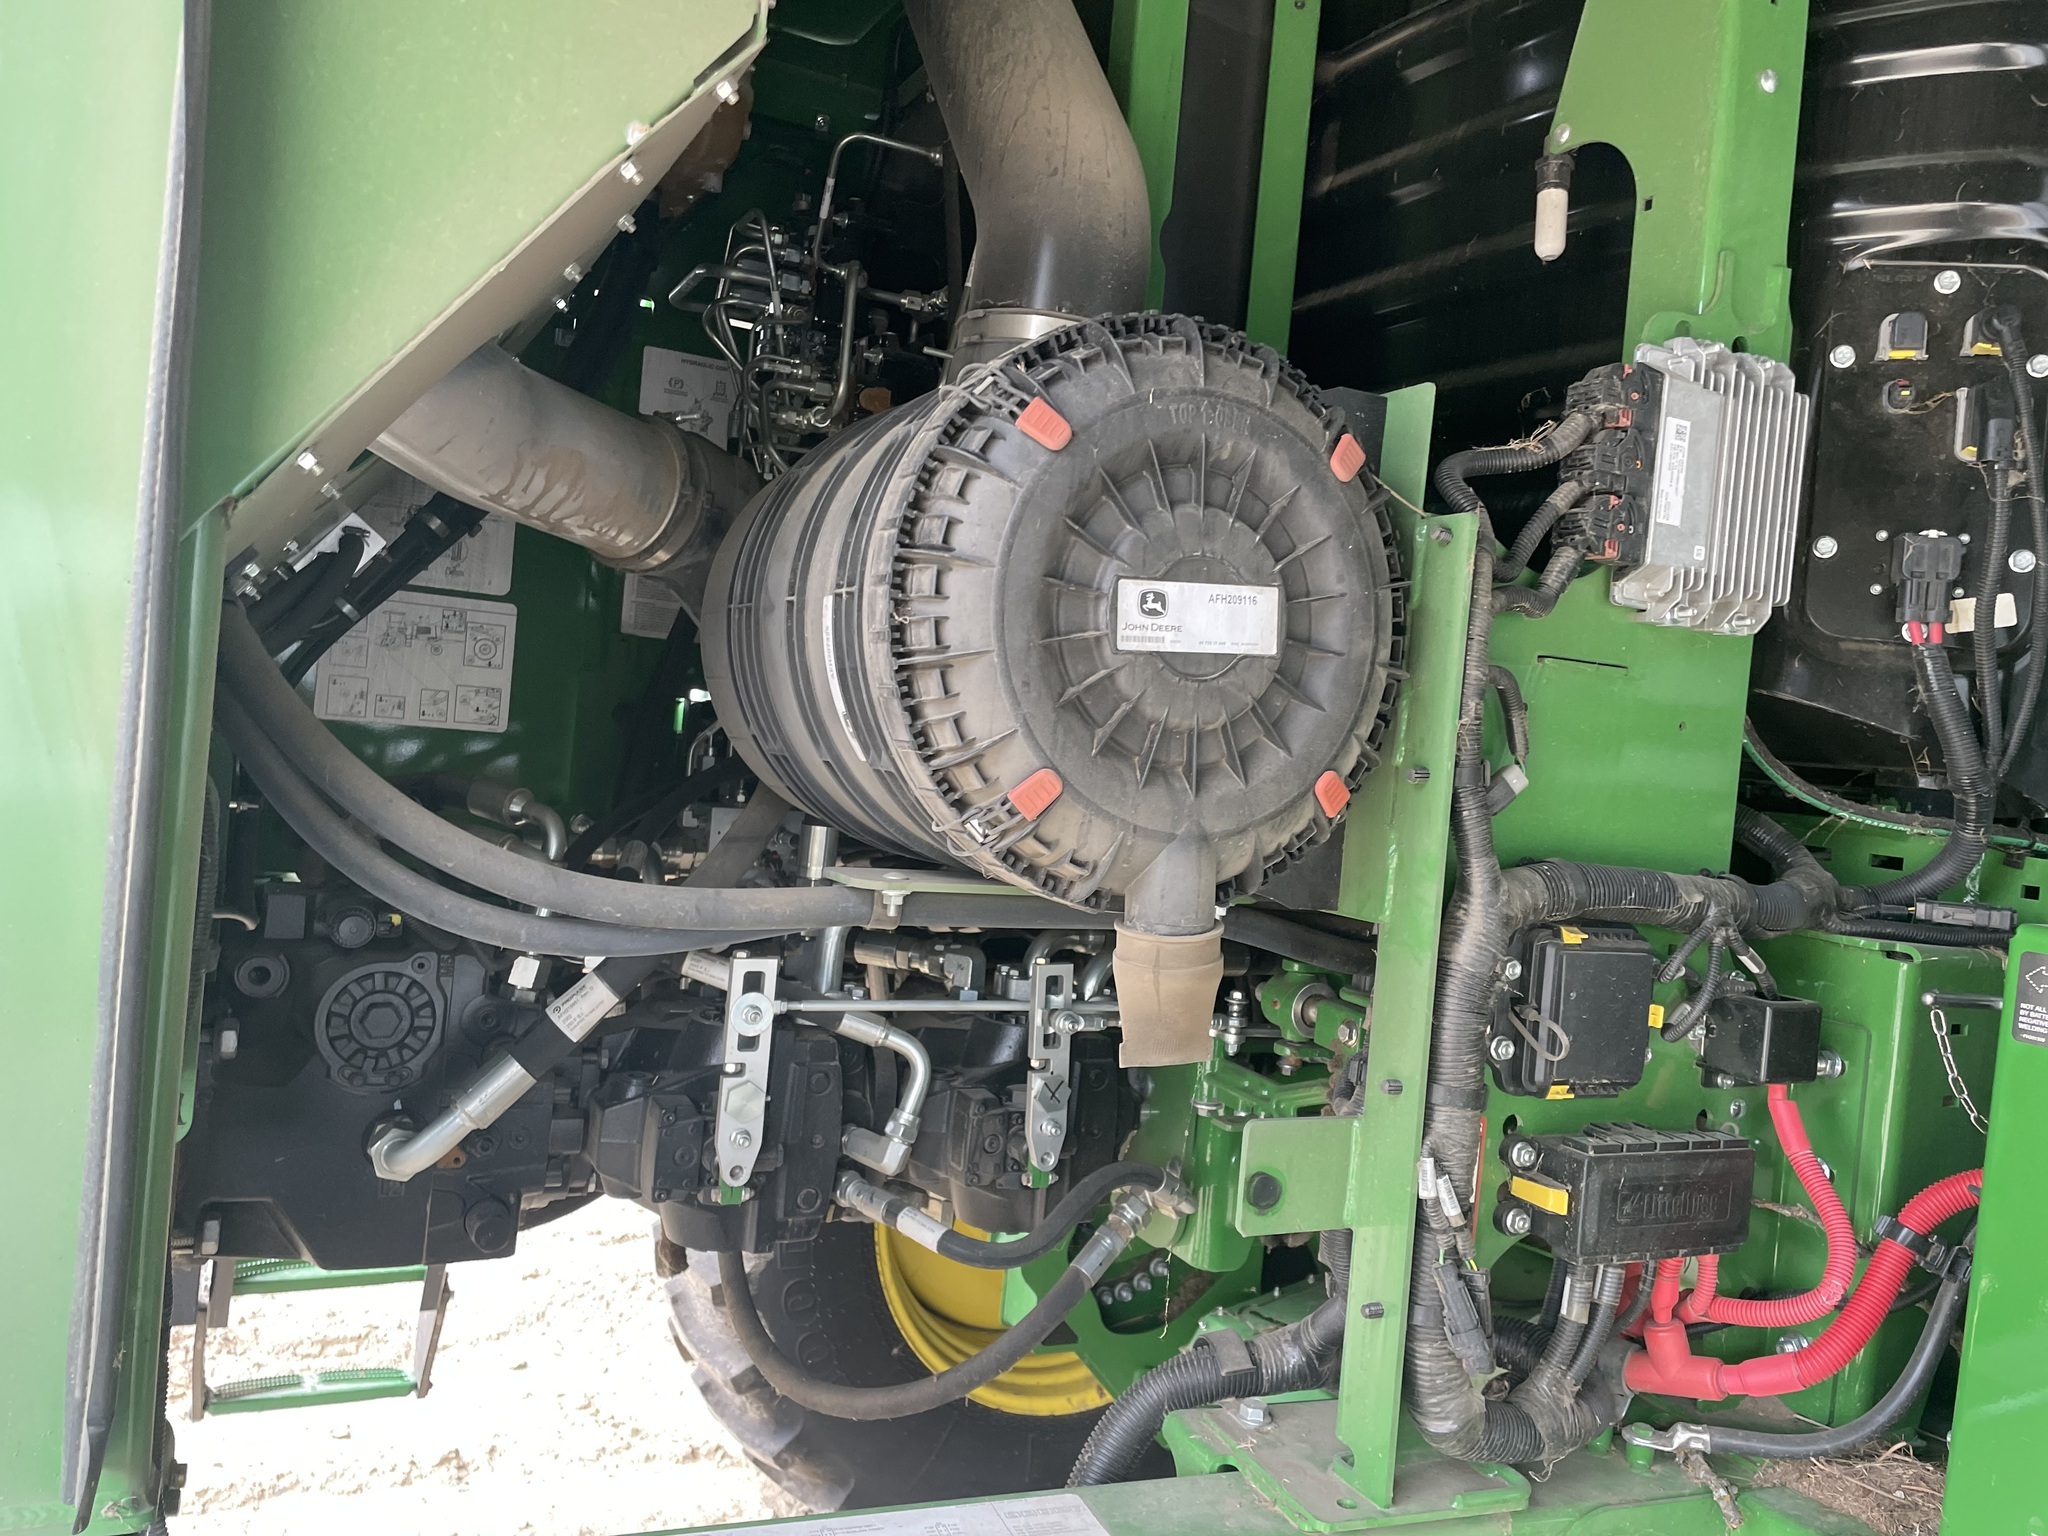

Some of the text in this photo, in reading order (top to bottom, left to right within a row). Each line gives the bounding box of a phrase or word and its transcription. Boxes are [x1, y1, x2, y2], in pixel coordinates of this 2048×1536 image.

[1208, 593, 1258, 606] AFH209116
[1121, 622, 1183, 633] JOHN DEERE
[2020, 1002, 2035, 1011] NOT
[2018, 1022, 2048, 1034] WELDING
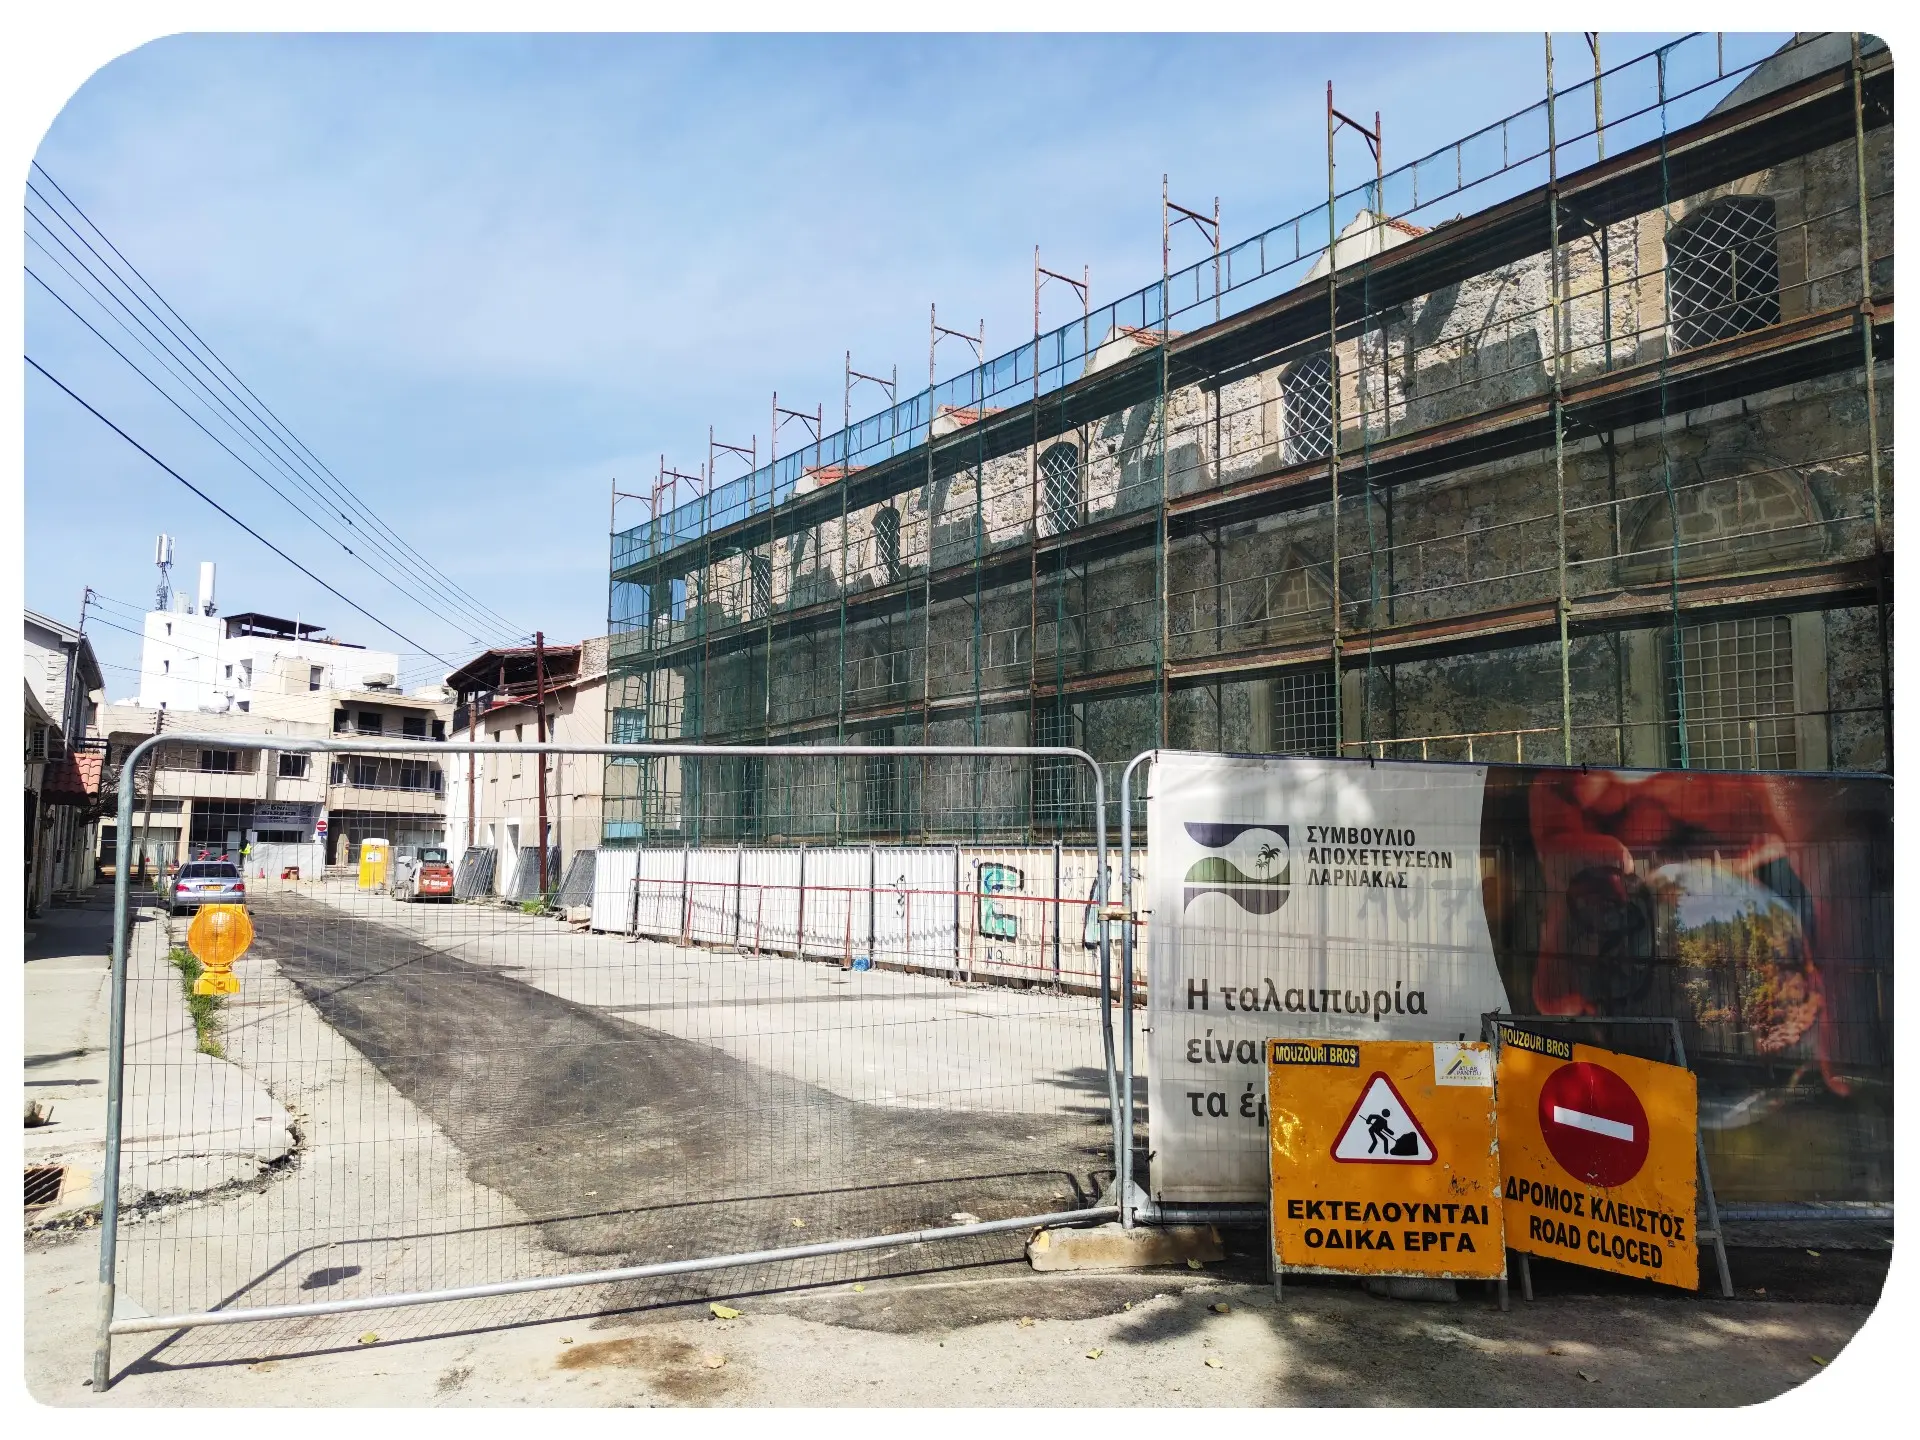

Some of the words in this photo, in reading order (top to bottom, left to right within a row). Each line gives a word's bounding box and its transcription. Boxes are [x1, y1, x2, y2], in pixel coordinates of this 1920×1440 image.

[1306, 825, 1416, 847] ΣΥΜΒΟΥΛΙΟ
[1307, 846, 1453, 869] ΑΠΟΧΕΤΕΥΣΕΩΝ
[1307, 868, 1408, 889] ΛΑΡΝΑΚΑΣ
[1187, 978, 1209, 1011] Η
[1219, 978, 1428, 1022] ταλαιπωρία
[1275, 1045, 1328, 1063] MOUZOURI
[1329, 1049, 1356, 1065] BROS
[1546, 1038, 1570, 1058] BROS
[1187, 1090, 1229, 1117] τα
[1287, 1199, 1489, 1225] ΕΚΤΕΛΟΥΝΤΑΙ
[1505, 1175, 1585, 1217] ΔΡΟΜΟΣ
[1590, 1196, 1686, 1241] ΚΛΕΙΣΤΟΣ
[1304, 1227, 1395, 1251] ΟΔΙΚΑ
[1403, 1230, 1477, 1253] ΕΡΓΑ
[1529, 1214, 1581, 1249] ROAD
[1587, 1229, 1663, 1269] CLOCED
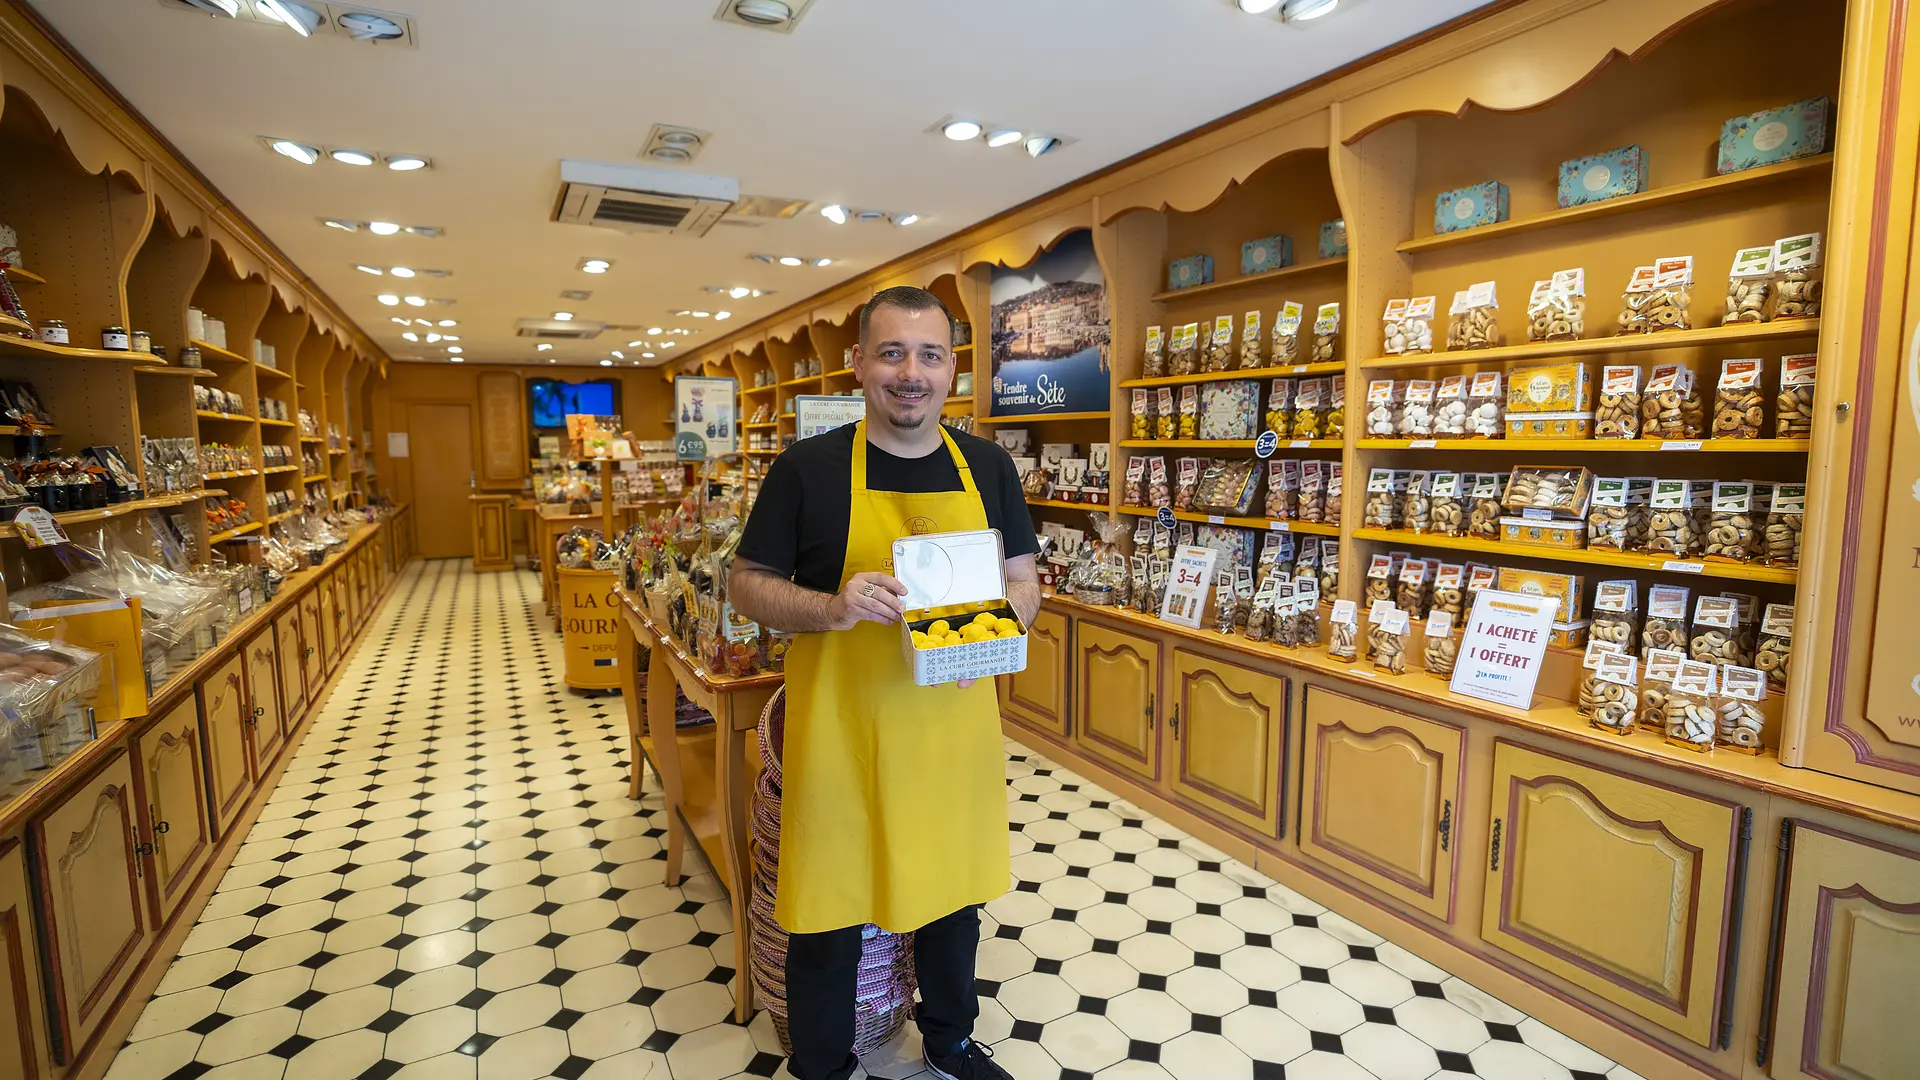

################

WHAT IS BEING ASKED: An exact copy of every entry above is needed, with the pictures left out.

TASK SOLUTION:
Some of the text in this photo, in reading order (top to bottom, left to right within a row). Each line gives the bounding box of a phrase or word and its transcription. Boxes are [x1, y1, x2, y2], in pixel coordinates of this 2048×1536 image.

[1208, 593, 1258, 606] AFH209116
[1121, 622, 1183, 633] JOHN DEERE
[2020, 1002, 2035, 1011] NOT
[2018, 1022, 2048, 1034] WELDING

Some of the words in this photo, in reading order (top to bottom, left to right within a row). Each line gives a word's bounding box and its transcription. Boxes are [x1, y1, x2, y2], in pixel coordinates of this 1920×1440 image.

[1306, 825, 1416, 847] ΣΥΜΒΟΥΛΙΟ
[1307, 846, 1453, 869] ΑΠΟΧΕΤΕΥΣΕΩΝ
[1307, 868, 1408, 889] ΛΑΡΝΑΚΑΣ
[1187, 978, 1209, 1011] Η
[1219, 978, 1428, 1022] ταλαιπωρία
[1275, 1045, 1328, 1063] MOUZOURI
[1329, 1049, 1356, 1065] BROS
[1546, 1038, 1570, 1058] BROS
[1187, 1090, 1229, 1117] τα
[1287, 1199, 1489, 1225] ΕΚΤΕΛΟΥΝΤΑΙ
[1505, 1175, 1585, 1217] ΔΡΟΜΟΣ
[1590, 1196, 1686, 1241] ΚΛΕΙΣΤΟΣ
[1304, 1227, 1395, 1251] ΟΔΙΚΑ
[1403, 1230, 1477, 1253] ΕΡΓΑ
[1529, 1214, 1581, 1249] ROAD
[1587, 1229, 1663, 1269] CLOCED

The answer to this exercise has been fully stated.